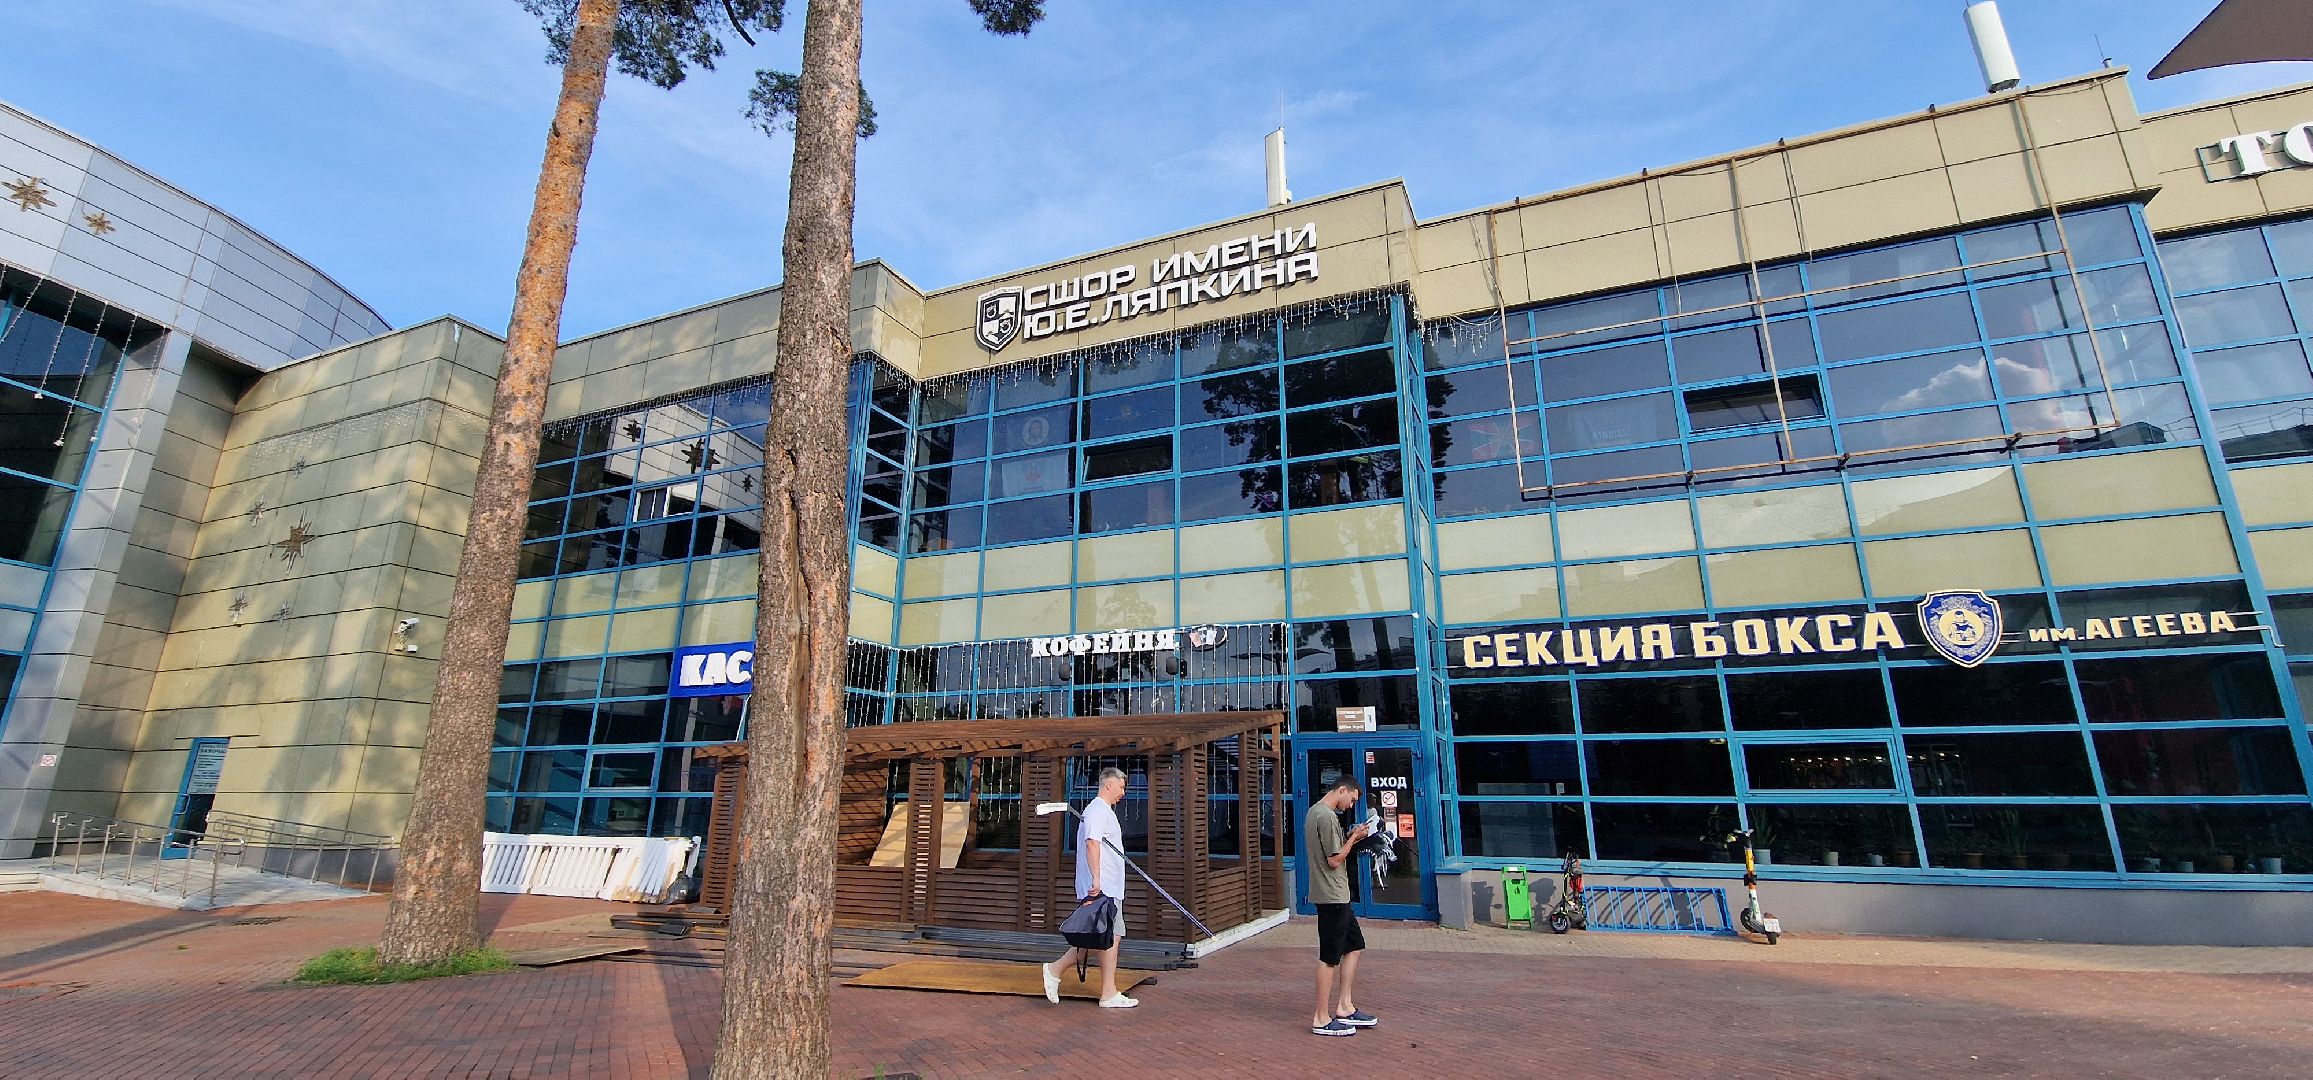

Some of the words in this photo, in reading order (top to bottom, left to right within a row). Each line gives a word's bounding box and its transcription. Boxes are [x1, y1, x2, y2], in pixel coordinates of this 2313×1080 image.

[1023, 264, 1136, 311] СШОР
[1153, 222, 1317, 284] ИМЕНИ
[1031, 628, 1176, 658] КОФЕЙНЯ
[1463, 624, 1675, 669] СЕКЦИЯ
[1690, 612, 1906, 658] БОКСА
[679, 650, 753, 686] КАС
[1370, 776, 1408, 790] ВХОД
.....
▶ [PROBLEM TO SOLVE]
Output all the data above verbatim, leaving out images.

▶ [REPLY]
Some of the words in this photo, in reading order (top to bottom, left to right within a row). Each line gives a word's bounding box and its transcription. Boxes are [x1, y1, x2, y2], in pixel coordinates of this 2313×1080 image.

[1023, 264, 1136, 311] СШОР
[1153, 222, 1317, 284] ИМЕНИ
[1031, 628, 1176, 658] КОФЕЙНЯ
[1463, 624, 1675, 669] СЕКЦИЯ
[1690, 612, 1906, 658] БОКСА
[679, 650, 753, 686] КАС
[1370, 776, 1408, 790] ВХОД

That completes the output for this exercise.